When Sherlock Holmes, a detective whose skill is only eclipsed by his fashion sense, walks into a room for the first time he immediately begins to observe every single little detail, no matter how seemingly insignificant, so that he can mentally piece together the puzzle that is the unknown.
It might be the mud on a gentleman’s boot, which indicates the location from which he has come, or a tan line across a lady’s finger revealing a long-worn wedding band that has recently been removed. Much of the theatricality and genius behind Sherlock’s famous (albeit fictional) crime solving is due to his ability to notice what other people typically miss.
When it comes to customer service in retail, your success depends on the relationship you manage to cultivate with your customers. People relate more to someone who understands them and can anticipate their needs, using nothing other than sheer, observational investigation, a la Sherlock Holmes. Nobody is looking for help from a retail assistant who is simply haphazardly guessing and checking, like an inept Scotland Yard detective.

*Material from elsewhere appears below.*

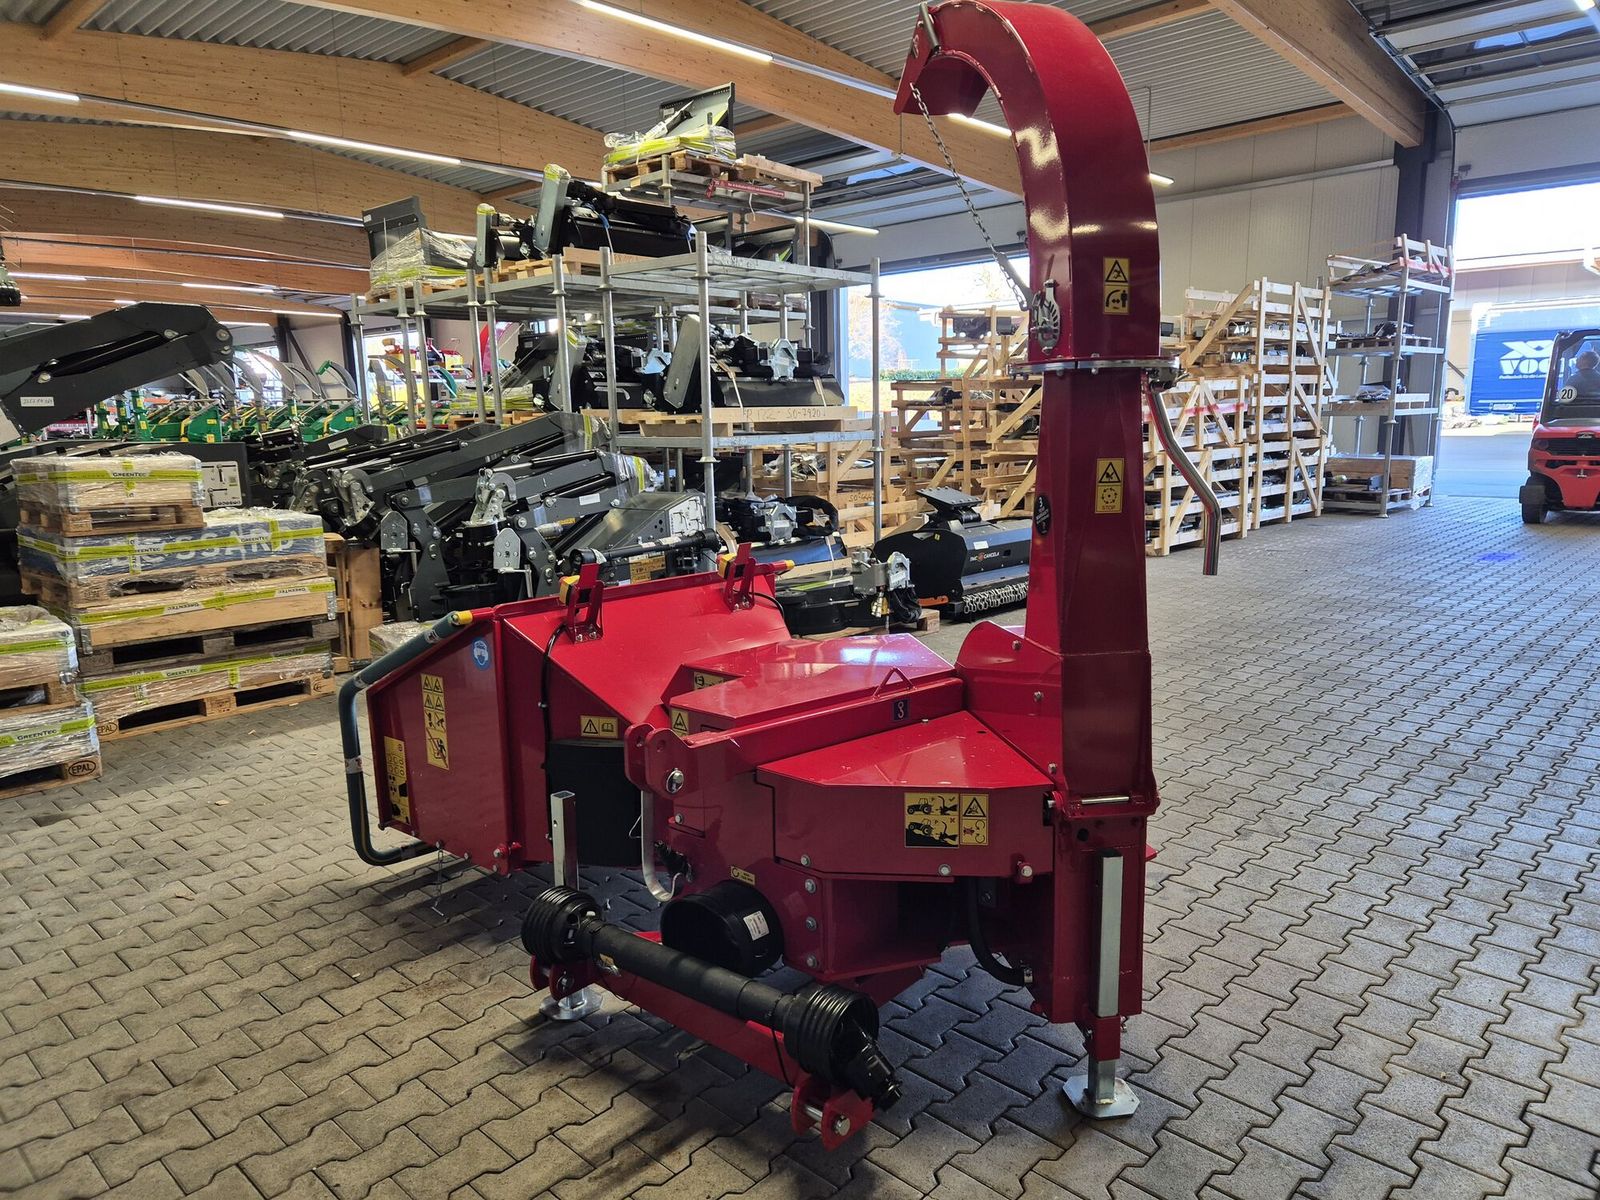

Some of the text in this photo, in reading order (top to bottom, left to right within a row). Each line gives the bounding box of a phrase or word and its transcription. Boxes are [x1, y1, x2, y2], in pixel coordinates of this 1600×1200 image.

As a retail customer service representative, keeping alert is absolutely essential to sparking a successful relationship with your customer. If you’re chatting away with a colleague and only lavish attention on your customers once they express a query, chances are you’ve lost them long before “hello”. Always keep your eyes and ears wide open; because piecing together who this customer is, where they are from, and ultimately what they are looking for, begins the instant they walk into your store.
“As a retail customer service representative, keeping alert is absolutely essential…”
Let me share a personal pet peeve from some of the earliest days of my ever blossoming obsession with motion pictures: incompetent customer service at the video store.
Allow me to elaborate: there were two ways in which I used to enter my local movie rental store. Either I’d stride in with purpose and search with deliberation for a specific film. Or I would meander along the aisles, idly searching for a movie I had not yet seen and was willing to spend my precious pocket money on.
Almost every single time, the customer service reps would manage to either misread me or not even bother to observe me at all. If I was searching fruitlessly for a specific movie, they’d be sitting behind the counter picking at their nails. If I was leisurely browsing the catalogue, I would inevitably find myself the victim of incessant Can-I-Help-You’s.
I was clearly not being Sherlock Holmes-ed.
Had the customer service rep been doing his/her job properly, they’d have been watching my mannerisms, body language and facial expressions. It would have been easy to ascertain what kind of a customer I was and consequently how I should be effectively approached.
The important point is that as a customer service representative your key to success is to gather as much information as you possibly can, so that when you do approach the customer you can cut straight to providing for their every whim.
Listen out for a name (people love hearing their own name and it grabs their attention instantly), look out for signs of confusion or determination, take note of who they’re shopping with, what conversation they’re having, listen for any mention of a specific occasion and observe in which section of your store they are looking. Knowledge is power, and it is your job to gather as much knowledge as you can.
Once you engage the customer, use the opportunity to take control of the conversation, armed with the clues you’ve uncovered, to be used to your advantage. Don’t force the customer to ask all the questions; proactively suggest different varieties, options and alternatives that they might be interested in. Keep them engaged and keep them interested by relating to them and their needs. By maintaining control, you can close that sale, every single time.
It’s not hard to become Sherlock Holmes – but it does take proactive observation, uncompromising alertness and the willingness to put in that extra effort to transcend the hum-drum of most customer service. Remember what the great detective himself said: “The world is full of obvious things which nobody by any chance ever observes.”